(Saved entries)
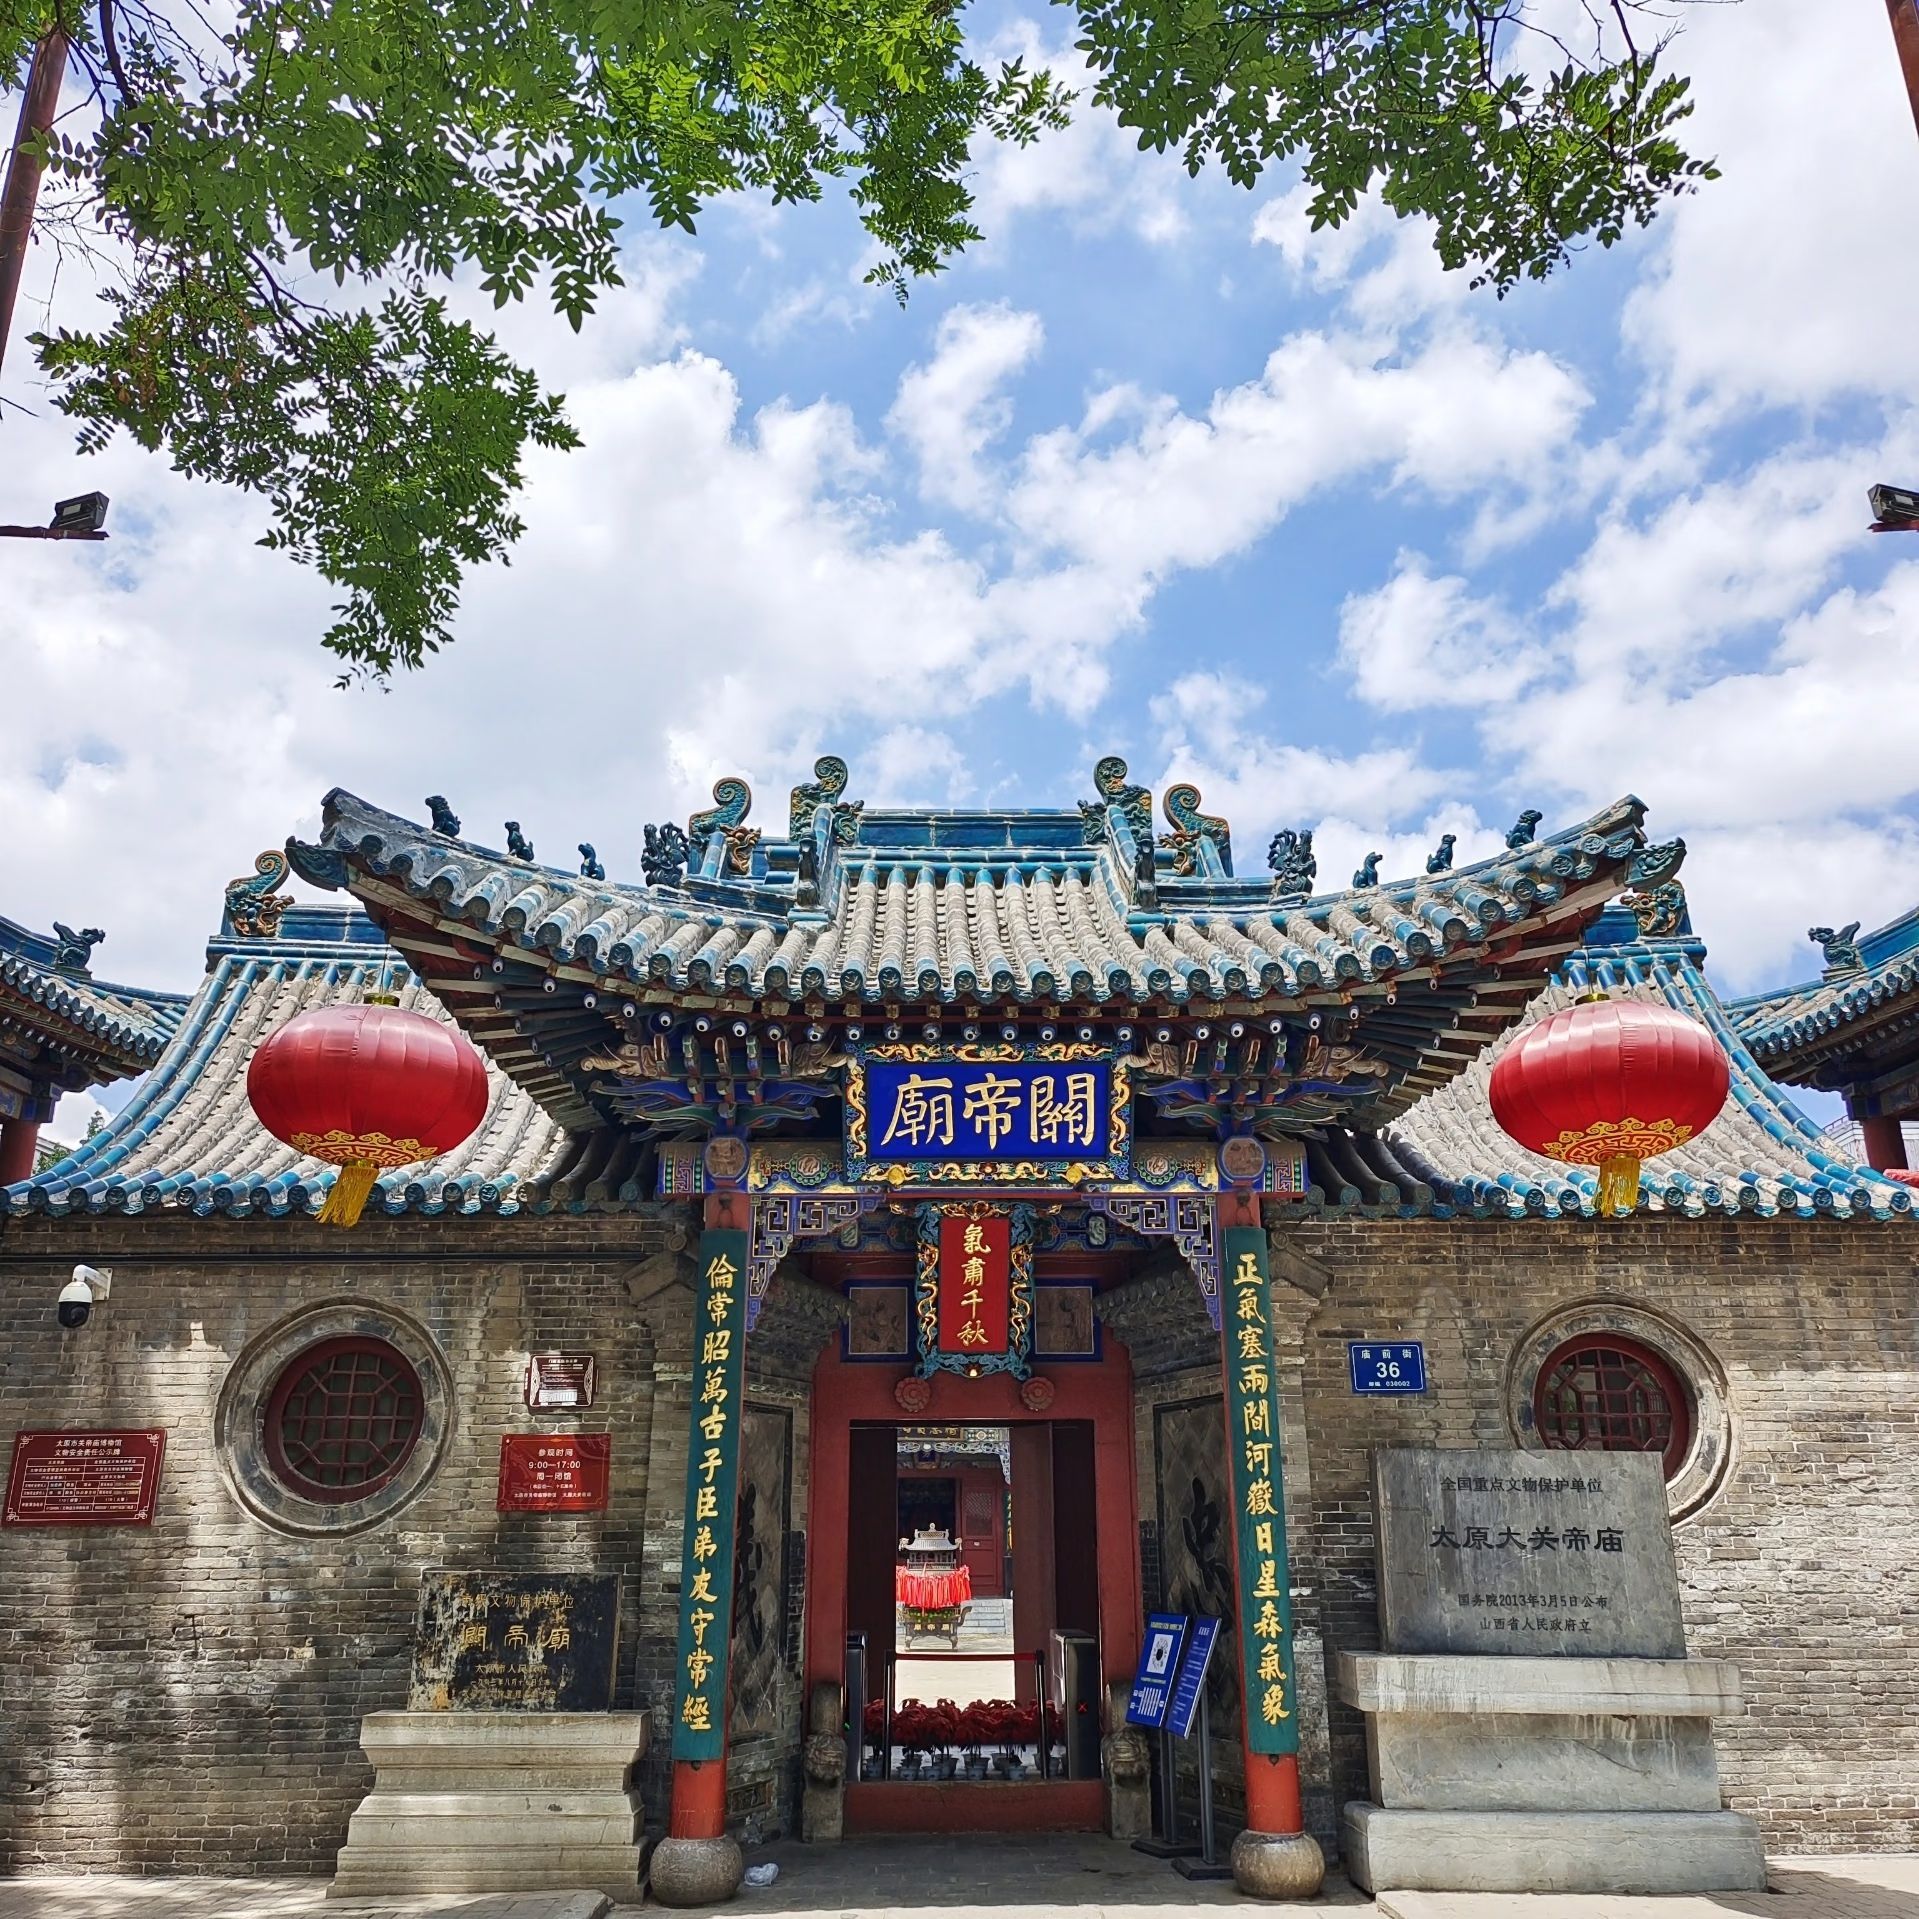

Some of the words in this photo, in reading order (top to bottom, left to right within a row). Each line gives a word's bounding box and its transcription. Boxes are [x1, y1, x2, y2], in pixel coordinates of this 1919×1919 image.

[1376, 1361, 1400, 1378] 36
[538, 1448, 574, 1457] 参观时间
[1440, 1476, 1603, 1493] 全国重点文物保护单位
[1429, 1525, 1625, 1553] 太原大关帝庙
[1458, 1593, 1608, 1609] 国务院2013年3月5日公布
[1480, 1617, 1592, 1632] 山西省人民政府立
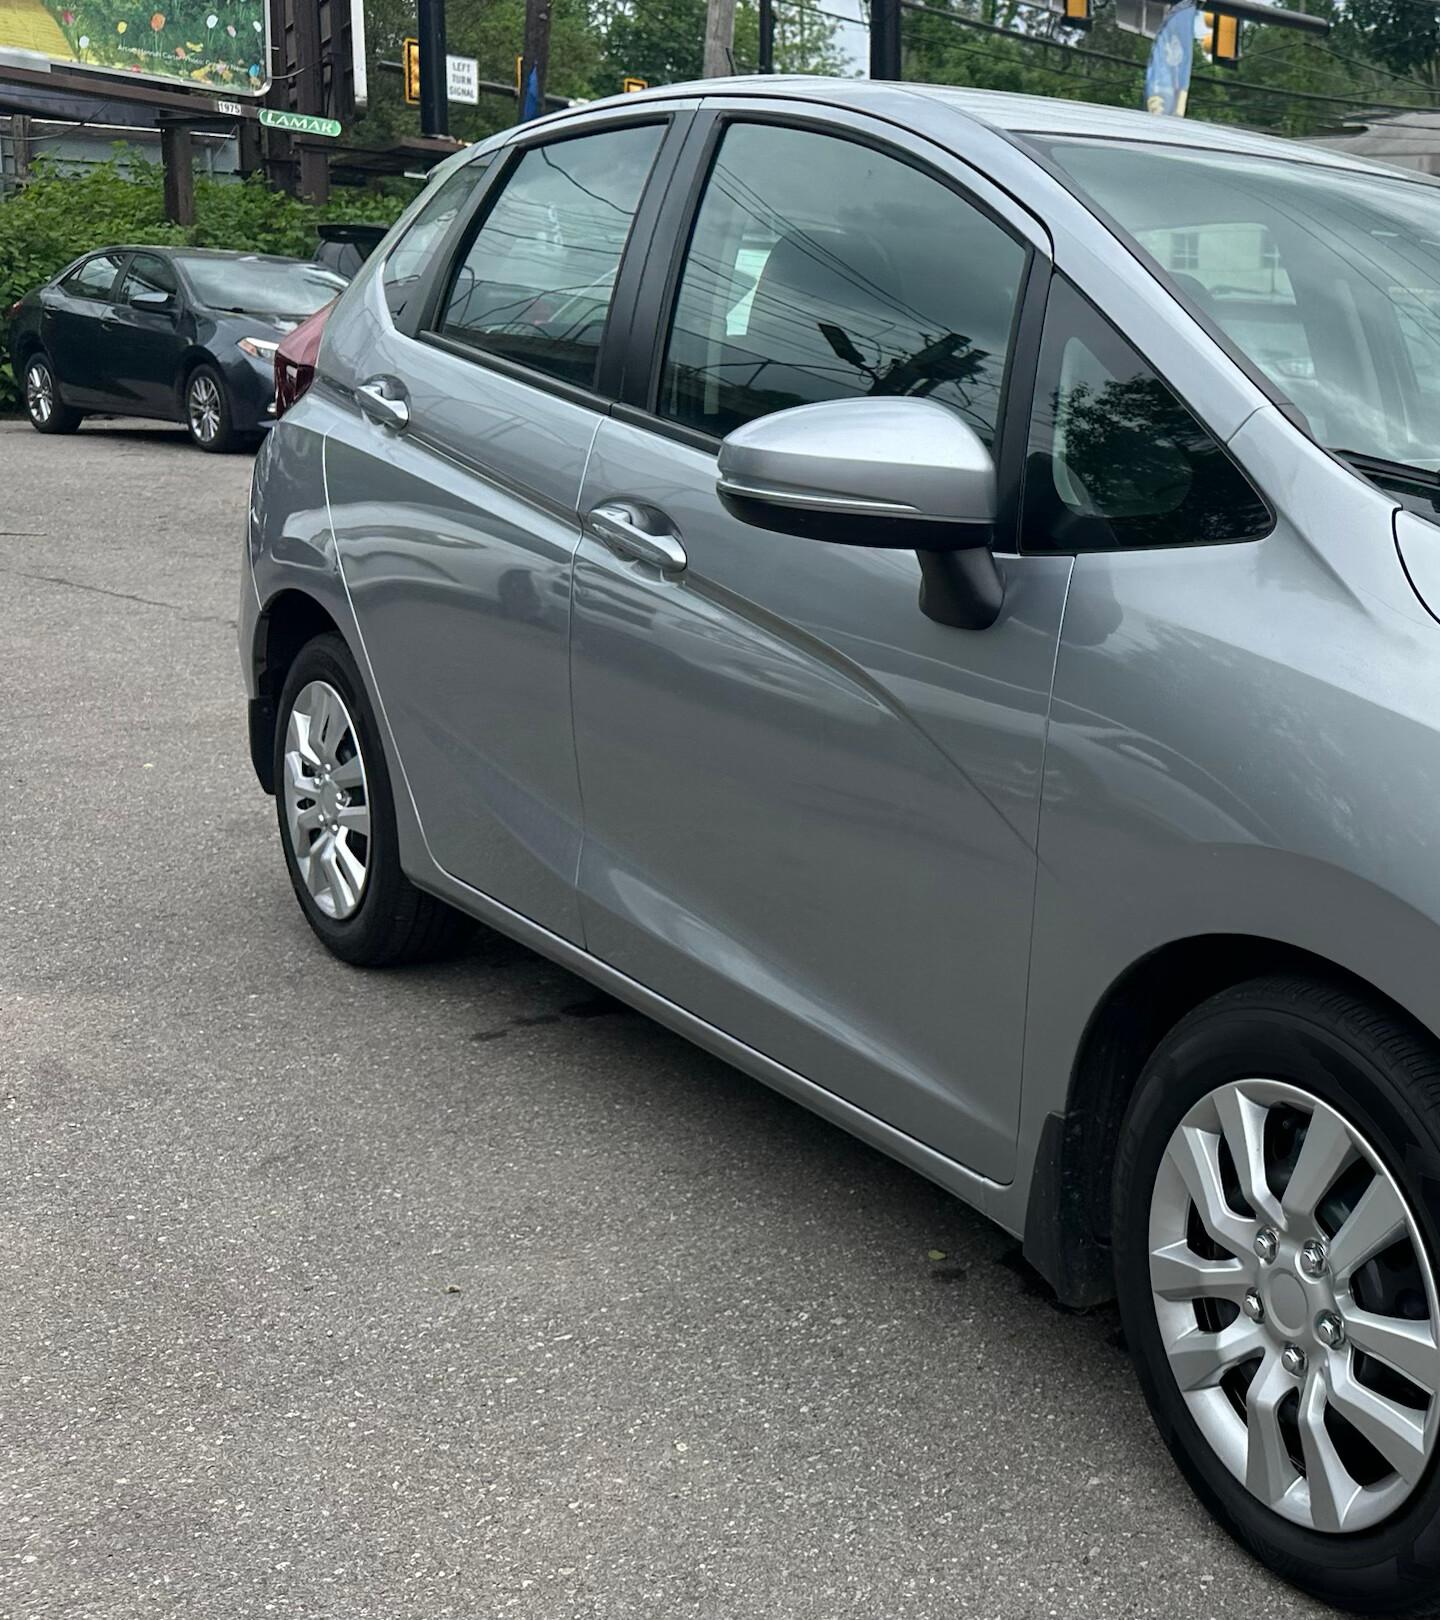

_TASK INSTRUCTIONS_: Reproduce the entries above exactly. Do not include the images.

_RESPONSE_:
Some of the words in this photo, in reading order (top to bottom, left to right within a row). Each line gives a word's bounding box and its transcription. Boxes are [x1, y1, x2, y2], in pixel coordinates of this 1919×1919 image.

[1376, 1361, 1400, 1378] 36
[538, 1448, 574, 1457] 参观时间
[1440, 1476, 1603, 1493] 全国重点文物保护单位
[1429, 1525, 1625, 1553] 太原大关帝庙
[1458, 1593, 1608, 1609] 国务院2013年3月5日公布
[1480, 1617, 1592, 1632] 山西省人民政府立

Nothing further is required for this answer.